*** EXCERPTED RECORDS ***
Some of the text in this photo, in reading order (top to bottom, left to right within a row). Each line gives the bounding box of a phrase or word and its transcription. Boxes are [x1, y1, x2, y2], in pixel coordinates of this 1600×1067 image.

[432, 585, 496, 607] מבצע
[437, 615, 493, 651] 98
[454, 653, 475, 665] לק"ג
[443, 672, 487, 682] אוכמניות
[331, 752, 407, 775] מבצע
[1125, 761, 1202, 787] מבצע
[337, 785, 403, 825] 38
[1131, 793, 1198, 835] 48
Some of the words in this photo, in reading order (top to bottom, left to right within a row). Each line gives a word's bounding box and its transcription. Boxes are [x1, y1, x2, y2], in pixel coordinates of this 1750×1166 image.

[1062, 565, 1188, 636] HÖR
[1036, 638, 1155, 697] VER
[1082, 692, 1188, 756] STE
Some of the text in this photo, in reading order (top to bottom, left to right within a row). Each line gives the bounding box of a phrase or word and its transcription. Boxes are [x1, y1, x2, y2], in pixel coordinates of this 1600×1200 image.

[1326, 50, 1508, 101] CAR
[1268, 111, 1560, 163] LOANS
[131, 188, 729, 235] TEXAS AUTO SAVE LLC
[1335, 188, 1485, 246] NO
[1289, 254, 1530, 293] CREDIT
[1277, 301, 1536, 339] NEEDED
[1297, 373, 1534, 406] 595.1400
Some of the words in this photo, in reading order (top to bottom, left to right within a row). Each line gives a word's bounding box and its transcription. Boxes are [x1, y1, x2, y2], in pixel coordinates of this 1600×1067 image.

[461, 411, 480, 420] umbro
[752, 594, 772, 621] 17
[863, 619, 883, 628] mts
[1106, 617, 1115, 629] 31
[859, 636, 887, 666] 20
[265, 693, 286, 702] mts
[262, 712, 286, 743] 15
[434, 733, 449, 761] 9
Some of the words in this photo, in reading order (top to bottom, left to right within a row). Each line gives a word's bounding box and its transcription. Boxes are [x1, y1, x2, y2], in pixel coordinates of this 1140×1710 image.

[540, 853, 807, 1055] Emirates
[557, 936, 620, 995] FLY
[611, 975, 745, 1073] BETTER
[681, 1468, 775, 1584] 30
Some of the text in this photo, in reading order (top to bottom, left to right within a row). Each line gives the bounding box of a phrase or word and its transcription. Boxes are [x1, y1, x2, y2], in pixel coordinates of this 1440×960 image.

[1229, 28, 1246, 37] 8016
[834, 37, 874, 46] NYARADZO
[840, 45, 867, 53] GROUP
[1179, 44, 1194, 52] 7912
*** End of EXCERPTED RECORDS ***
WORK TO COMPLETE >>
Copy out all of the records above with nothing altered.

RESULT OF THE EXERCISE >>
Some of the text in this photo, in reading order (top to bottom, left to right within a row). Each line gives the bounding box of a phrase or word and its transcription. Boxes are [x1, y1, x2, y2], in pixel coordinates of this 1600×1067 image.

[432, 585, 496, 607] מבצע
[437, 615, 493, 651] 98
[454, 653, 475, 665] לק"ג
[443, 672, 487, 682] אוכמניות
[331, 752, 407, 775] מבצע
[1125, 761, 1202, 787] מבצע
[337, 785, 403, 825] 38
[1131, 793, 1198, 835] 48
Some of the words in this photo, in reading order (top to bottom, left to right within a row). Each line gives a word's bounding box and its transcription. Boxes are [x1, y1, x2, y2], in pixel coordinates of this 1750×1166 image.

[1062, 565, 1188, 636] HÖR
[1036, 638, 1155, 697] VER
[1082, 692, 1188, 756] STE
Some of the text in this photo, in reading order (top to bottom, left to right within a row). Each line gives the bounding box of a phrase or word and its transcription. Boxes are [x1, y1, x2, y2], in pixel coordinates of this 1600×1200 image.

[1326, 50, 1508, 101] CAR
[1268, 111, 1560, 163] LOANS
[131, 188, 729, 235] TEXAS AUTO SAVE LLC
[1335, 188, 1485, 246] NO
[1289, 254, 1530, 293] CREDIT
[1277, 301, 1536, 339] NEEDED
[1297, 373, 1534, 406] 595.1400
Some of the words in this photo, in reading order (top to bottom, left to right within a row). Each line gives a word's bounding box and its transcription. Boxes are [x1, y1, x2, y2], in pixel coordinates of this 1600×1067 image.

[461, 411, 480, 420] umbro
[752, 594, 772, 621] 17
[863, 619, 883, 628] mts
[1106, 617, 1115, 629] 31
[859, 636, 887, 666] 20
[265, 693, 286, 702] mts
[262, 712, 286, 743] 15
[434, 733, 449, 761] 9
Some of the words in this photo, in reading order (top to bottom, left to right within a row). Each line gives a word's bounding box and its transcription. Boxes are [x1, y1, x2, y2], in pixel coordinates of this 1140×1710 image.

[540, 853, 807, 1055] Emirates
[557, 936, 620, 995] FLY
[611, 975, 745, 1073] BETTER
[681, 1468, 775, 1584] 30
Some of the text in this photo, in reading order (top to bottom, left to right within a row). Each line gives the bounding box of a phrase or word and its transcription. Boxes are [x1, y1, x2, y2], in pixel coordinates of this 1440×960 image.

[1229, 28, 1246, 37] 8016
[834, 37, 874, 46] NYARADZO
[840, 45, 867, 53] GROUP
[1179, 44, 1194, 52] 7912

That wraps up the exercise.